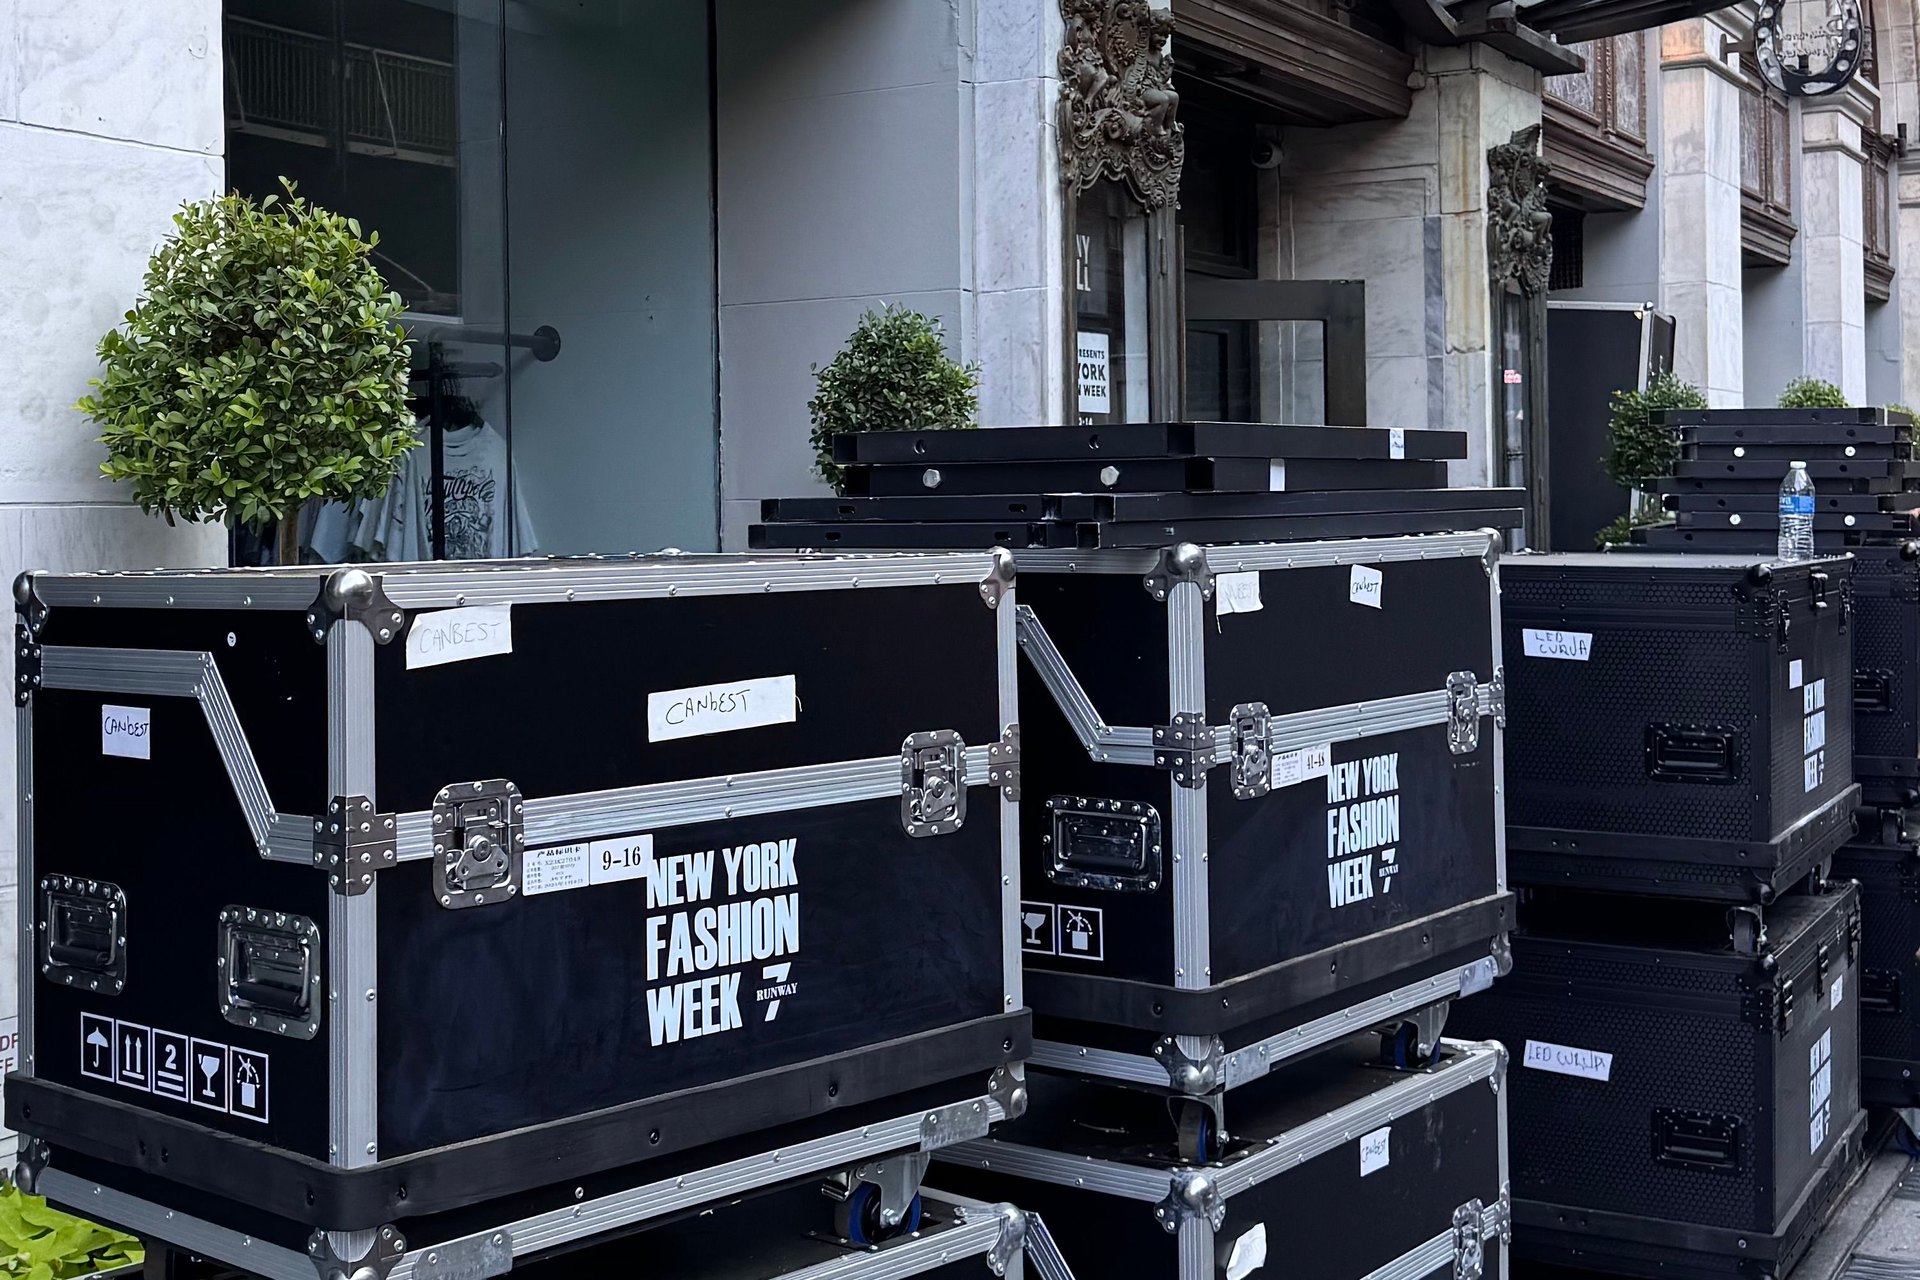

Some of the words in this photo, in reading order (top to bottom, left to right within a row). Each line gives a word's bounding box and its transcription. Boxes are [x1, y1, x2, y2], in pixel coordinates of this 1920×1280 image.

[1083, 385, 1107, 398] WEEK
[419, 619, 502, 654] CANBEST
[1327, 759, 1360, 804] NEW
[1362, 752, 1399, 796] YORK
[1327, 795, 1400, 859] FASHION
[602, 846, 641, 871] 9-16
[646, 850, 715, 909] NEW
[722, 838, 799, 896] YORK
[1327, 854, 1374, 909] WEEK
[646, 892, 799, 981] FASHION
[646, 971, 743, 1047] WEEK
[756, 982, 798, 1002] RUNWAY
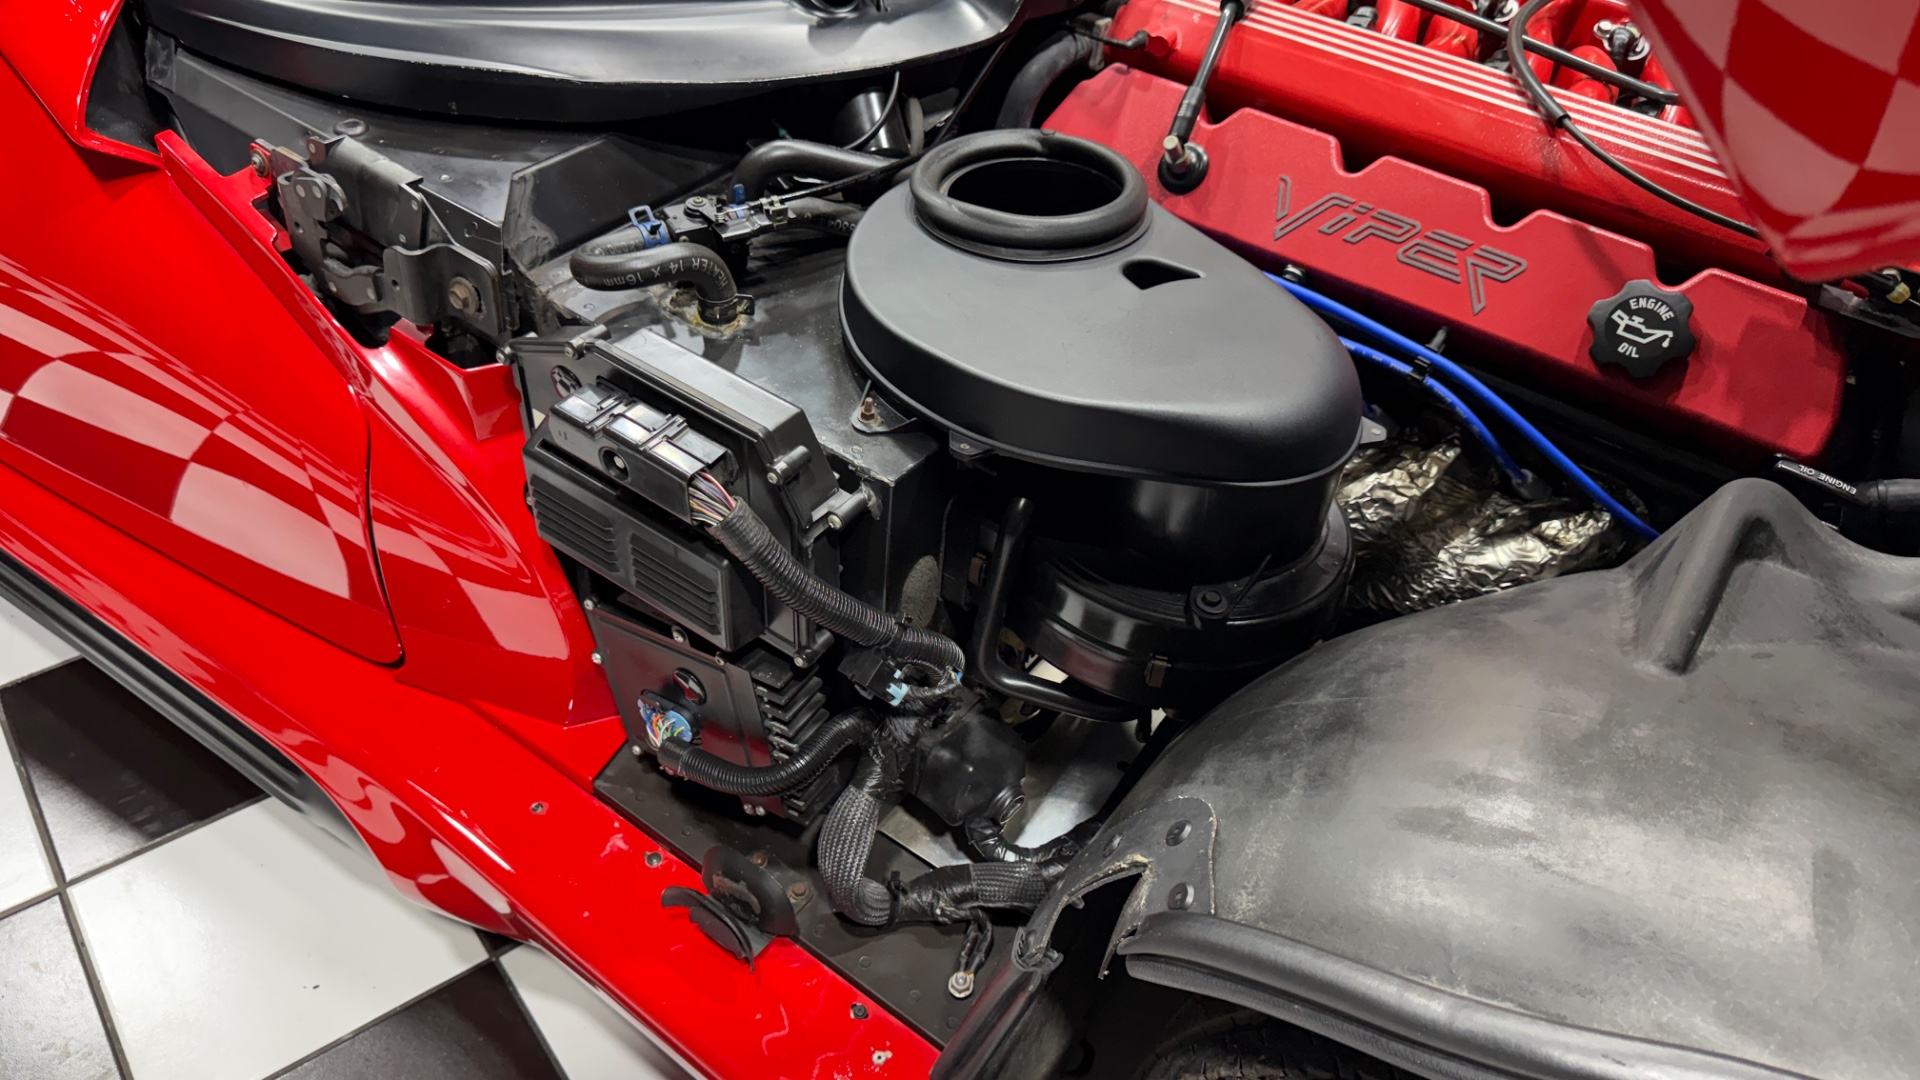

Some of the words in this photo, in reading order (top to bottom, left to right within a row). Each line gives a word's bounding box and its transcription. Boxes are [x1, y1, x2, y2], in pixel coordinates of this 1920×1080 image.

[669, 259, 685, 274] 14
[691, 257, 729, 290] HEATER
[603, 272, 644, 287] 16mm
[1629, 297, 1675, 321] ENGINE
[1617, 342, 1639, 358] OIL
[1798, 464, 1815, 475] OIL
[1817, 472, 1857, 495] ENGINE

-- Work order --
With the images left out, set down every entry exactly.

-- Answer section --
Some of the words in this photo, in reading order (top to bottom, left to right within a row). Each line gives a word's bounding box and its transcription. Boxes are [x1, y1, x2, y2], in pixel coordinates of this 1920×1280 image.

[1083, 385, 1107, 398] WEEK
[419, 619, 502, 654] CANBEST
[1327, 759, 1360, 804] NEW
[1362, 752, 1399, 796] YORK
[1327, 795, 1400, 859] FASHION
[602, 846, 641, 871] 9-16
[646, 850, 715, 909] NEW
[722, 838, 799, 896] YORK
[1327, 854, 1374, 909] WEEK
[646, 892, 799, 981] FASHION
[646, 971, 743, 1047] WEEK
[756, 982, 798, 1002] RUNWAY

Some of the words in this photo, in reading order (top to bottom, left to right within a row). Each line gives a word's bounding box and its transcription. Boxes are [x1, y1, x2, y2], in pixel coordinates of this 1920×1080 image.

[669, 259, 685, 274] 14
[691, 257, 729, 290] HEATER
[603, 272, 644, 287] 16mm
[1629, 297, 1675, 321] ENGINE
[1617, 342, 1639, 358] OIL
[1798, 464, 1815, 475] OIL
[1817, 472, 1857, 495] ENGINE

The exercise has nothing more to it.